[Referring expression grounding data]
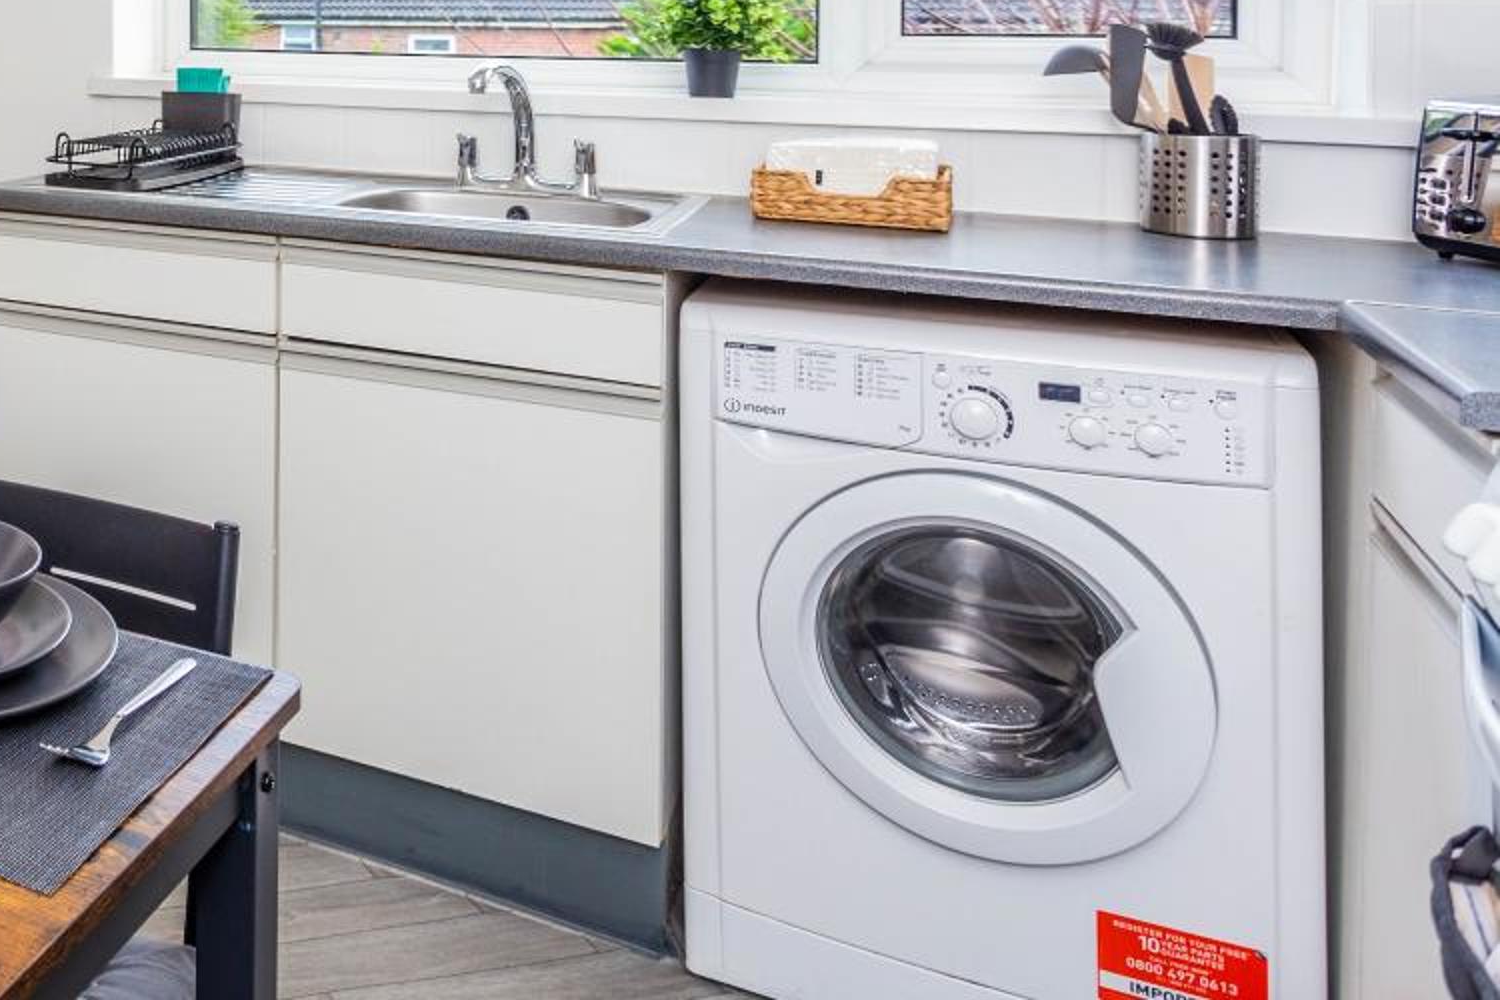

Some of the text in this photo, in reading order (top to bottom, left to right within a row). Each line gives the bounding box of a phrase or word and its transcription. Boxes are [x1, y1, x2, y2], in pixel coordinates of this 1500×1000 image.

[1112, 918, 1163, 938] REGISTER
[1165, 932, 1187, 945] FOR
[1188, 938, 1218, 954] YOUR
[1138, 935, 1160, 954] 10
[1161, 941, 1188, 954] YEAR
[1125, 956, 1163, 976] 0800
[1198, 975, 1239, 997] 0613
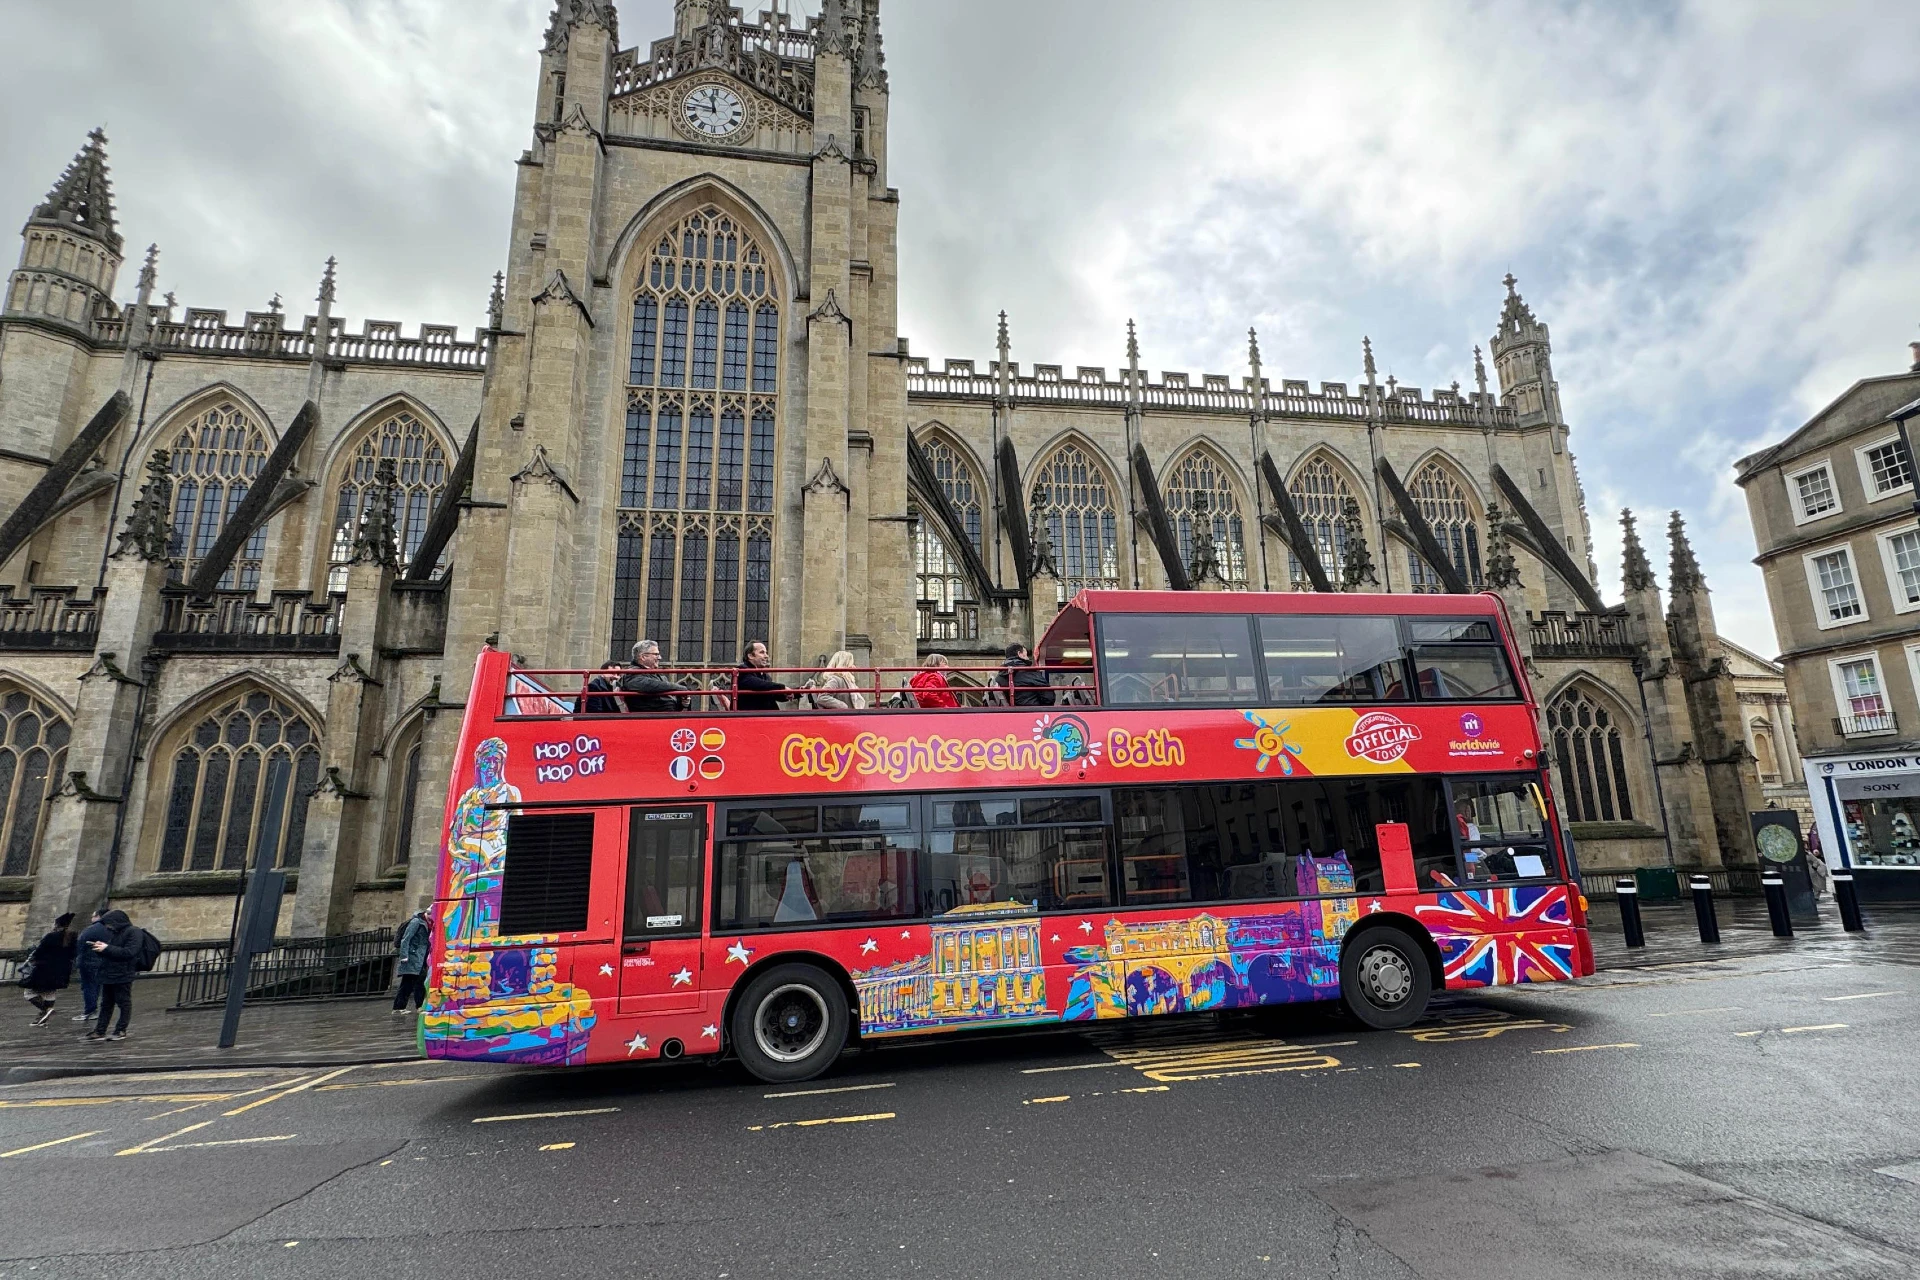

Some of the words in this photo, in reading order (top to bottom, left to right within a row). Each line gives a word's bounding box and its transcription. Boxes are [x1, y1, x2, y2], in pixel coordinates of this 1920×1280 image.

[535, 742, 571, 760] Hop
[575, 735, 600, 753] On
[1107, 728, 1186, 768] Bath
[1352, 726, 1418, 753] OFFICIAL
[1448, 739, 1500, 750] Worldwide
[1375, 744, 1404, 760] TOUR
[538, 764, 573, 782] Hop
[578, 755, 605, 775] Off
[1847, 758, 1907, 771] LONDON
[1863, 783, 1901, 792] SONY

WHAT TO DO: The preceding entries are to be written out again exactly, with the pictures removed.

RESULT FOR THIS EXERCISE:
Some of the text in this photo, in reading order (top to bottom, left to right within a row). Each line gives the bounding box of a phrase or word and its transcription. Boxes are [x1, y1, x2, y2], in pixel coordinates of this 1500×1000 image.

[1112, 918, 1163, 938] REGISTER
[1165, 932, 1187, 945] FOR
[1188, 938, 1218, 954] YOUR
[1138, 935, 1160, 954] 10
[1161, 941, 1188, 954] YEAR
[1125, 956, 1163, 976] 0800
[1198, 975, 1239, 997] 0613

Some of the words in this photo, in reading order (top to bottom, left to right within a row). Each line gives a word's bounding box and its transcription. Boxes are [x1, y1, x2, y2], in pixel coordinates of this 1920×1280 image.

[535, 742, 571, 760] Hop
[575, 735, 600, 753] On
[1107, 728, 1186, 768] Bath
[1352, 726, 1418, 753] OFFICIAL
[1448, 739, 1500, 750] Worldwide
[1375, 744, 1404, 760] TOUR
[538, 764, 573, 782] Hop
[578, 755, 605, 775] Off
[1847, 758, 1907, 771] LONDON
[1863, 783, 1901, 792] SONY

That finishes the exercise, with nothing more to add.